▸ TASK:
Below are records; reproduce exactly the lines from the one that has "this 1200×1600 image." through the one that has "Some of the words", ends included, and nothing more.
====
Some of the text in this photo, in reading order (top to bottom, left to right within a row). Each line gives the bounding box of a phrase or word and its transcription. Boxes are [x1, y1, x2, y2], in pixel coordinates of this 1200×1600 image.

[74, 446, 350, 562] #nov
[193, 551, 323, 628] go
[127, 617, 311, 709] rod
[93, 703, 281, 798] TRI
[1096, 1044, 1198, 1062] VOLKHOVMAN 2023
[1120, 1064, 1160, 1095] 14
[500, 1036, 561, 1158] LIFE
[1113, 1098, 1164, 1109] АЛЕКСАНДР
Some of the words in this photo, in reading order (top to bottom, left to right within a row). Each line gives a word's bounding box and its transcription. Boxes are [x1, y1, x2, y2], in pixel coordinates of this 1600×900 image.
====
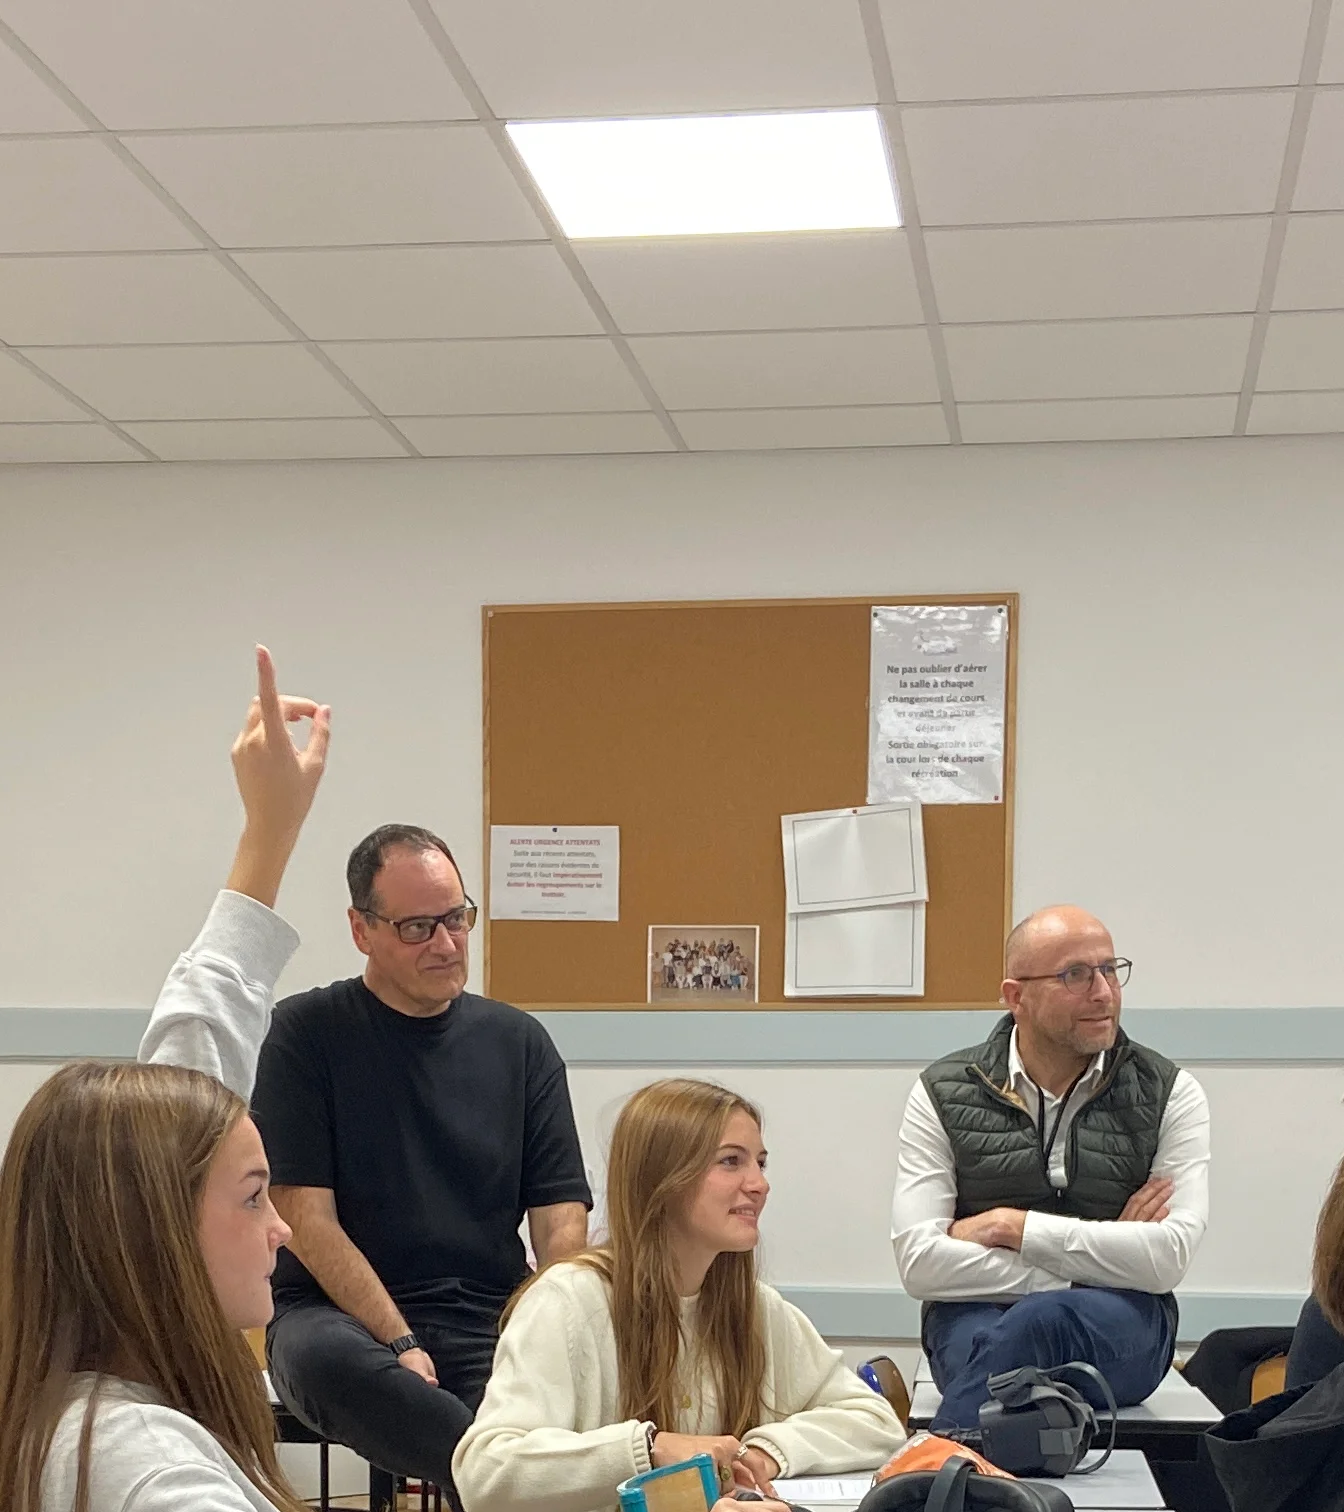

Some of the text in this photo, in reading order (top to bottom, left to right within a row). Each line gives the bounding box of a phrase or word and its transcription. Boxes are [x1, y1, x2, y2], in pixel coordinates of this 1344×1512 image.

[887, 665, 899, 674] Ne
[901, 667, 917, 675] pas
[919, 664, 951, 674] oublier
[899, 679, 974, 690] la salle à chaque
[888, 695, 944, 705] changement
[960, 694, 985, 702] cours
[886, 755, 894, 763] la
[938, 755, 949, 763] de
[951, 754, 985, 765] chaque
====
▸ THE ANSWER:
Some of the text in this photo, in reading order (top to bottom, left to right within a row). Each line gives the bounding box of a phrase or word and its transcription. Boxes are [x1, y1, x2, y2], in pixel coordinates of this 1200×1600 image.

[74, 446, 350, 562] #nov
[193, 551, 323, 628] go
[127, 617, 311, 709] rod
[93, 703, 281, 798] TRI
[1096, 1044, 1198, 1062] VOLKHOVMAN 2023
[1120, 1064, 1160, 1095] 14
[500, 1036, 561, 1158] LIFE
[1113, 1098, 1164, 1109] АЛЕКСАНДР
Some of the words in this photo, in reading order (top to bottom, left to right within a row). Each line gives a word's bounding box and its transcription. Boxes are [x1, y1, x2, y2], in pixel coordinates of this 1600×900 image.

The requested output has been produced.